▶ **Required action**
The output is a word-for-word repeat of the listing below, free of images.
[Data provided — start]
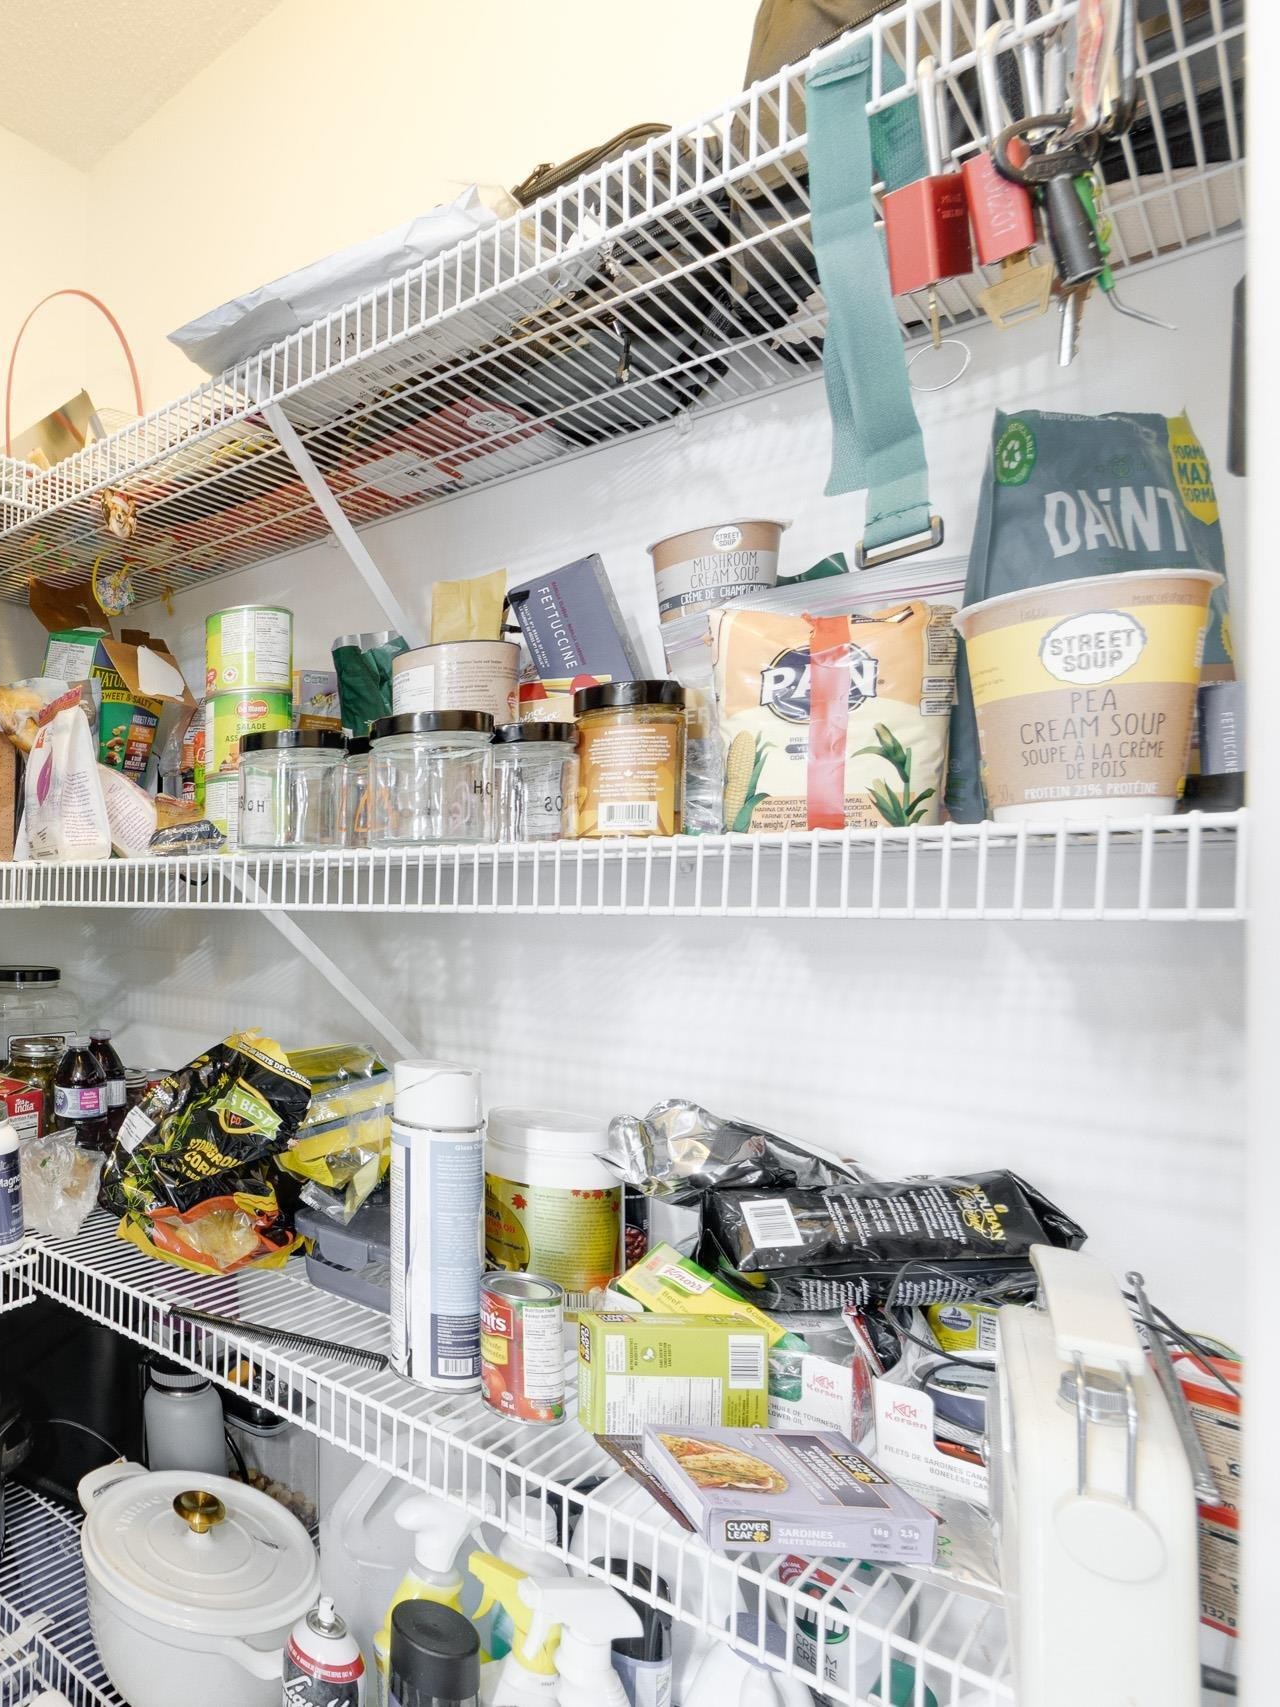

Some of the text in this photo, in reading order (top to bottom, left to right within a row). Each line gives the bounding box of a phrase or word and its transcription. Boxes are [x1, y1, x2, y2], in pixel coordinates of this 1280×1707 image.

[715, 531, 740, 542] STREET
[693, 552, 757, 574] MUSHROOM
[690, 566, 760, 589] CREAM SOUP
[538, 586, 578, 670] FETTUCCINE
[1050, 629, 1135, 656] STREET
[1062, 650, 1123, 673] SOUP
[101, 692, 126, 702] SWEET
[132, 694, 154, 708] SALTY
[1070, 688, 1118, 714] PEA
[236, 722, 267, 735] SALADE
[1019, 712, 1167, 745] CREAM SOUP
[1022, 745, 1070, 767] SOUPE
[1092, 743, 1112, 760] LA
[1119, 738, 1165, 759] CRÈME
[1220, 711, 1239, 773] FETTUCCINE
[1065, 760, 1127, 780] DE POIS
[1024, 785, 1070, 801] PROTEIN
[1106, 781, 1158, 797] PROTÉINE
[751, 819, 763, 829] Net
[763, 819, 785, 831] weight
[790, 819, 807, 828] Peso
[14, 1102, 34, 1114] India
[240, 1099, 275, 1126] BEST
[184, 1150, 222, 1177] CORN
[663, 1264, 704, 1293] Knorr
[661, 1290, 680, 1307] Beef
[792, 1409, 843, 1432] DE TOURNESOL
[792, 1417, 804, 1428] OIL
[883, 1443, 965, 1476] FILETS DE SARDINES
[929, 1466, 968, 1486] BONELESS
[726, 1521, 770, 1533] CLOVER
[727, 1531, 754, 1540] LEAF
[777, 1527, 834, 1541] SARDINES
[872, 1527, 883, 1536] 16
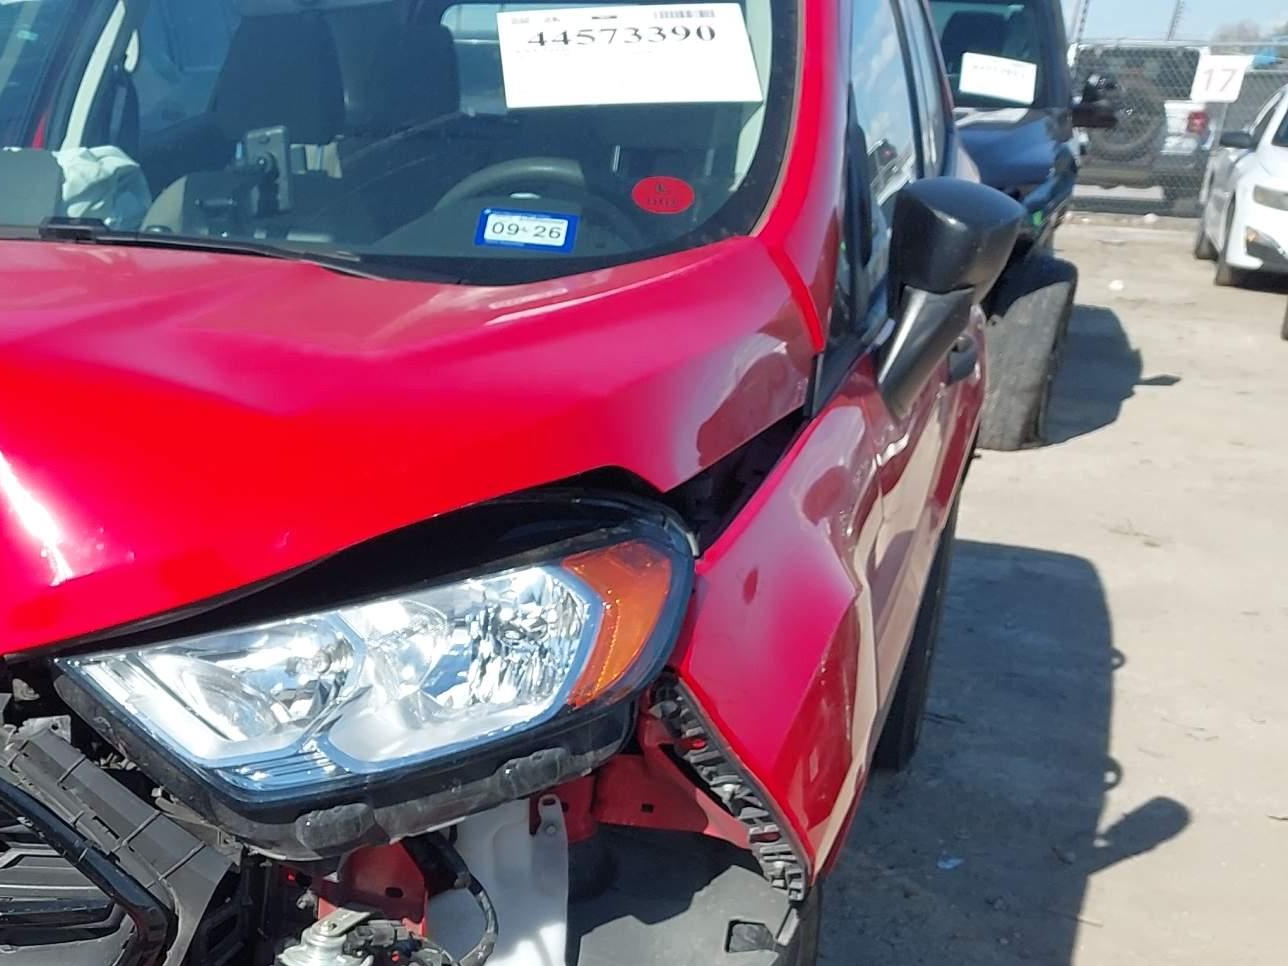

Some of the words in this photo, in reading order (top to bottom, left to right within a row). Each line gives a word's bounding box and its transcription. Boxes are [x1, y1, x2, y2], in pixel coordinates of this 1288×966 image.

[527, 25, 717, 46] 44573390
[1203, 68, 1238, 93] 17
[492, 221, 520, 235] 09
[533, 225, 561, 239] 26
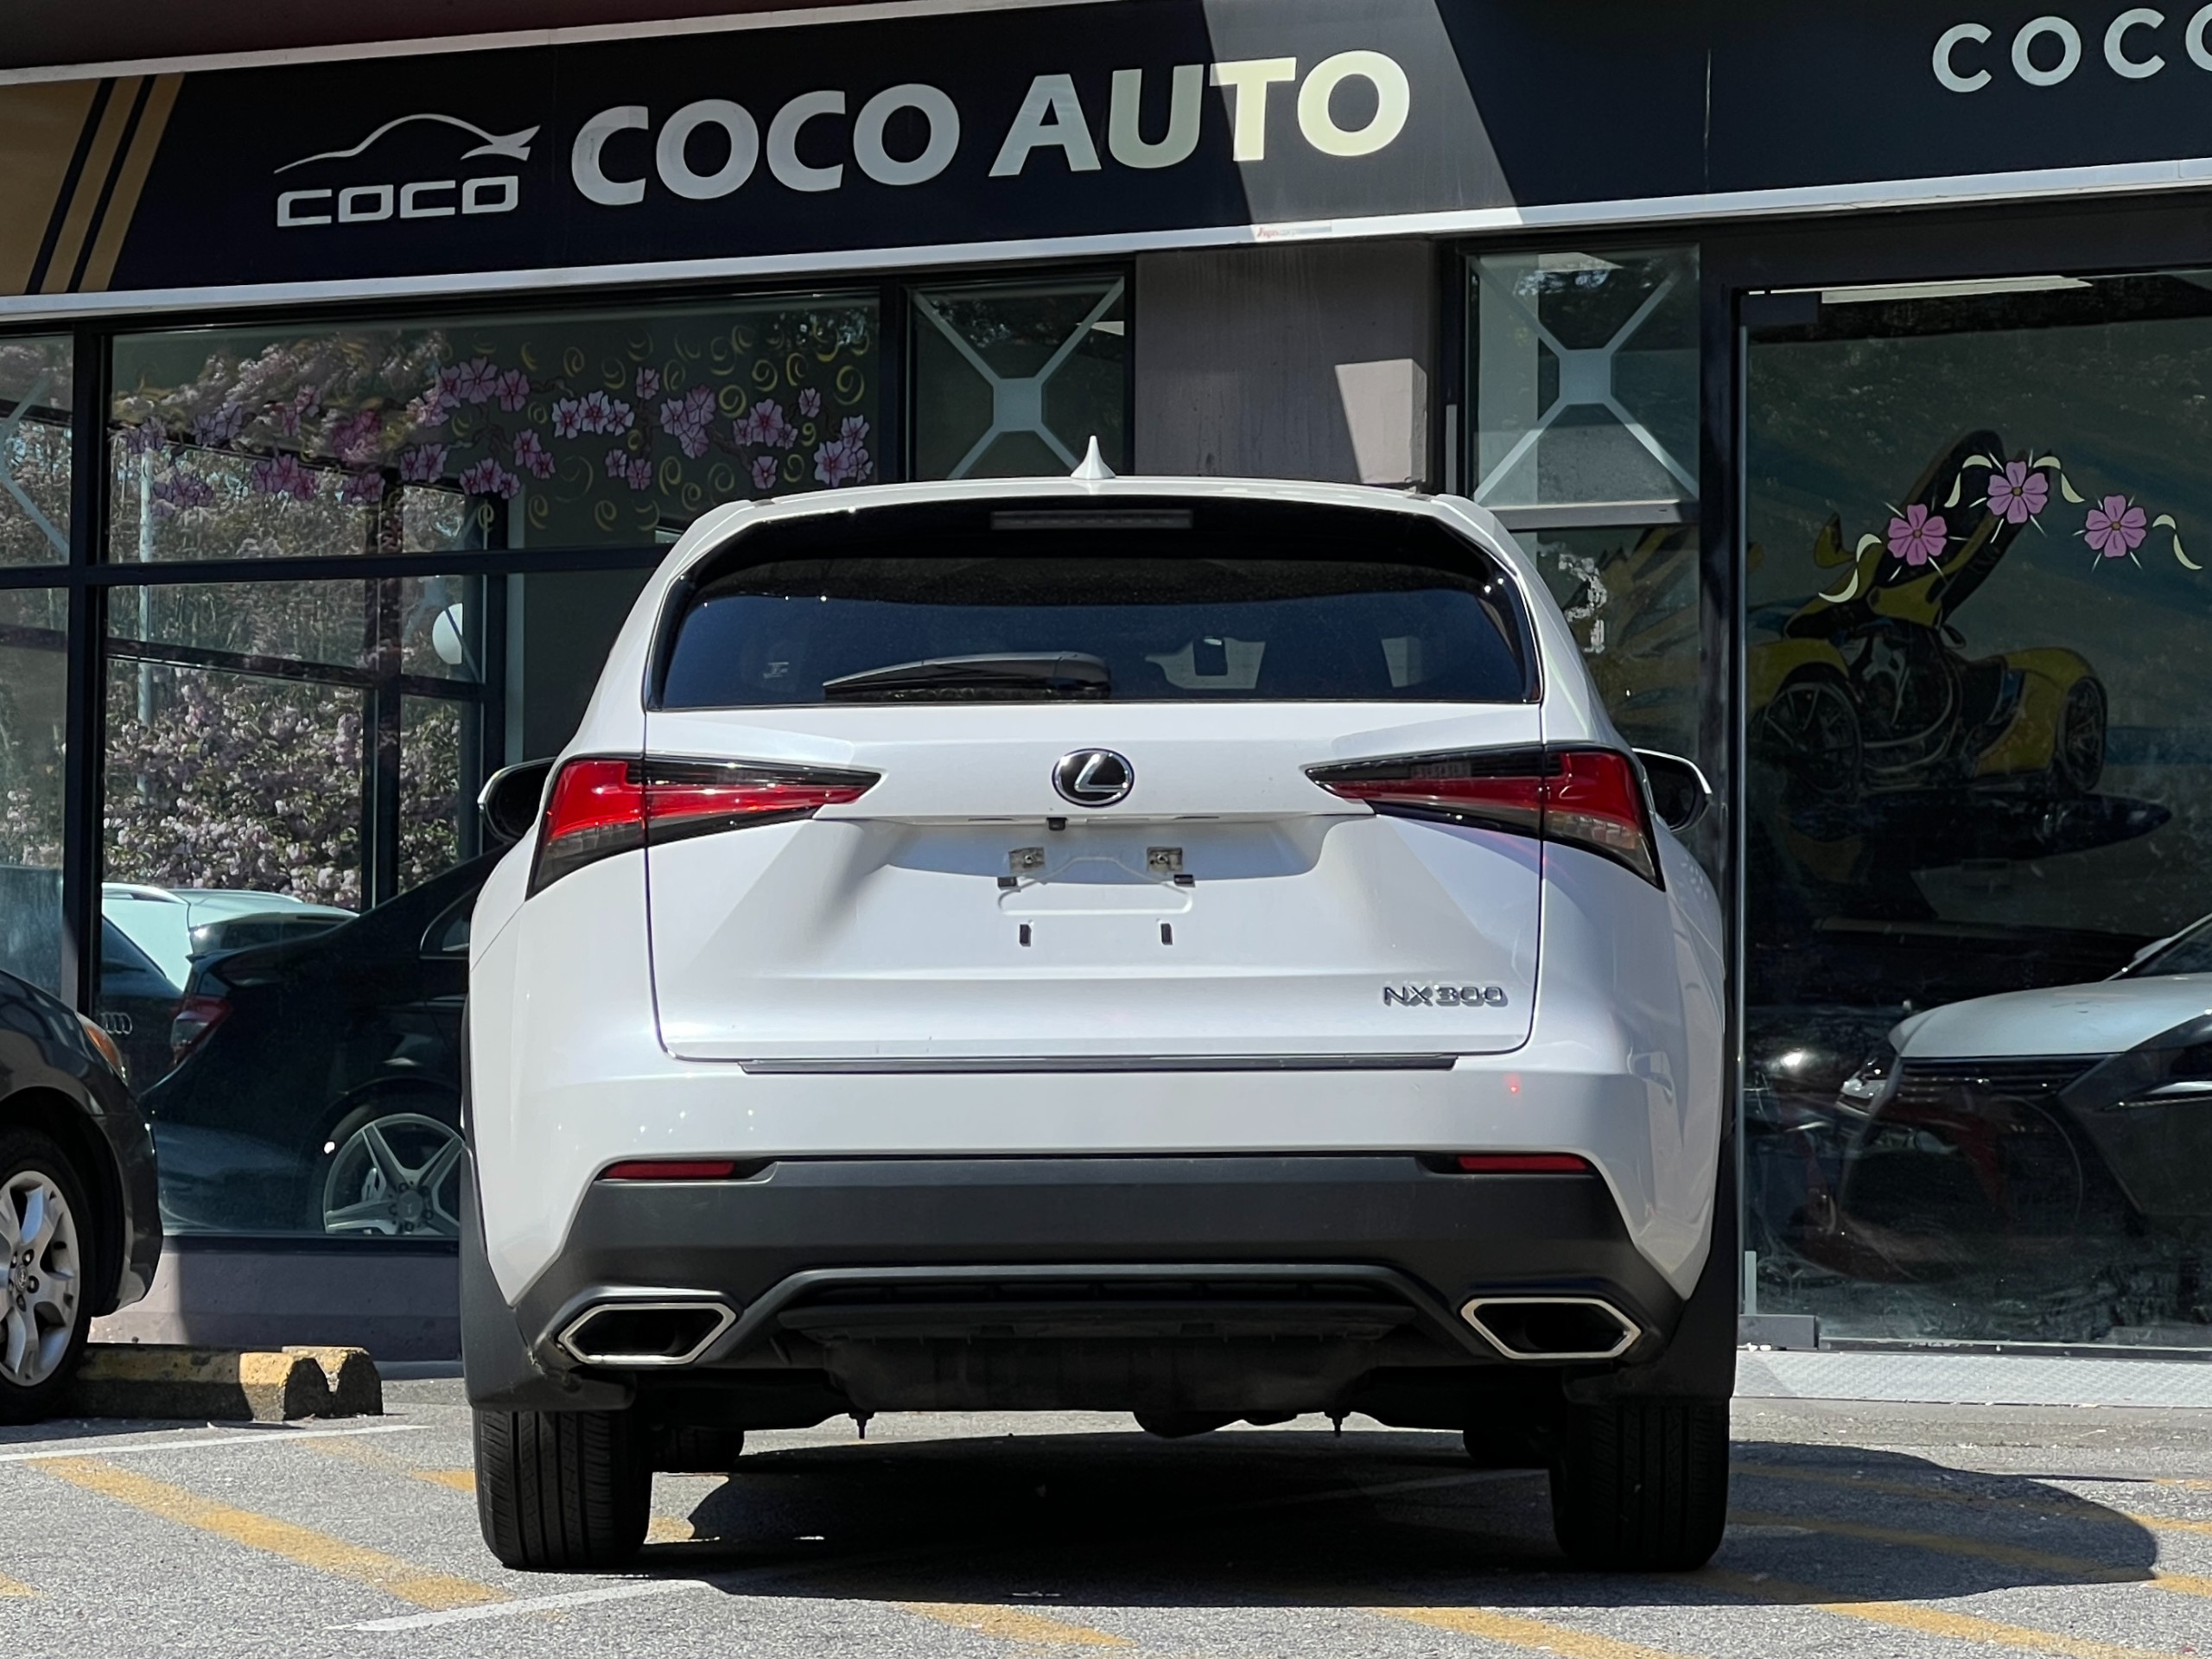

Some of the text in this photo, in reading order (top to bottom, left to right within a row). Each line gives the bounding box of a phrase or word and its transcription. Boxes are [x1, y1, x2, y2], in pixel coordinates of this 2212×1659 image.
[Data provided — finish]
▶ **Exercise answer**
Some of the text in this photo, in reading order (top to bottom, left to right within a row). Each line gives the bounding box of a phrase or word and its transcription. Boxes are [x1, y1, x2, y2], in pixel coordinates of this 1280×1707 image.

[715, 531, 740, 542] STREET
[693, 552, 757, 574] MUSHROOM
[690, 566, 760, 589] CREAM SOUP
[538, 586, 578, 670] FETTUCCINE
[1050, 629, 1135, 656] STREET
[1062, 650, 1123, 673] SOUP
[101, 692, 126, 702] SWEET
[132, 694, 154, 708] SALTY
[1070, 688, 1118, 714] PEA
[236, 722, 267, 735] SALADE
[1019, 712, 1167, 745] CREAM SOUP
[1022, 745, 1070, 767] SOUPE
[1092, 743, 1112, 760] LA
[1119, 738, 1165, 759] CRÈME
[1220, 711, 1239, 773] FETTUCCINE
[1065, 760, 1127, 780] DE POIS
[1024, 785, 1070, 801] PROTEIN
[1106, 781, 1158, 797] PROTÉINE
[751, 819, 763, 829] Net
[763, 819, 785, 831] weight
[790, 819, 807, 828] Peso
[14, 1102, 34, 1114] India
[240, 1099, 275, 1126] BEST
[184, 1150, 222, 1177] CORN
[663, 1264, 704, 1293] Knorr
[661, 1290, 680, 1307] Beef
[792, 1409, 843, 1432] DE TOURNESOL
[792, 1417, 804, 1428] OIL
[883, 1443, 965, 1476] FILETS DE SARDINES
[929, 1466, 968, 1486] BONELESS
[726, 1521, 770, 1533] CLOVER
[727, 1531, 754, 1540] LEAF
[777, 1527, 834, 1541] SARDINES
[872, 1527, 883, 1536] 16

Some of the words in this photo, in reading order (top to bottom, left to right within a row). Each line gives a word's bounding box and its transcription. Boxes are [x1, y1, x2, y2], in pixel coordinates of this 1288×966 image.

[527, 25, 717, 46] 44573390
[1203, 68, 1238, 93] 17
[492, 221, 520, 235] 09
[533, 225, 561, 239] 26

Some of the text in this photo, in reading order (top to bottom, left to right within a row). Each line gives the bounding box of a phrase or word and its transcription. Boxes are [x1, y1, x2, y2], in pixel coordinates of this 2212×1659 image.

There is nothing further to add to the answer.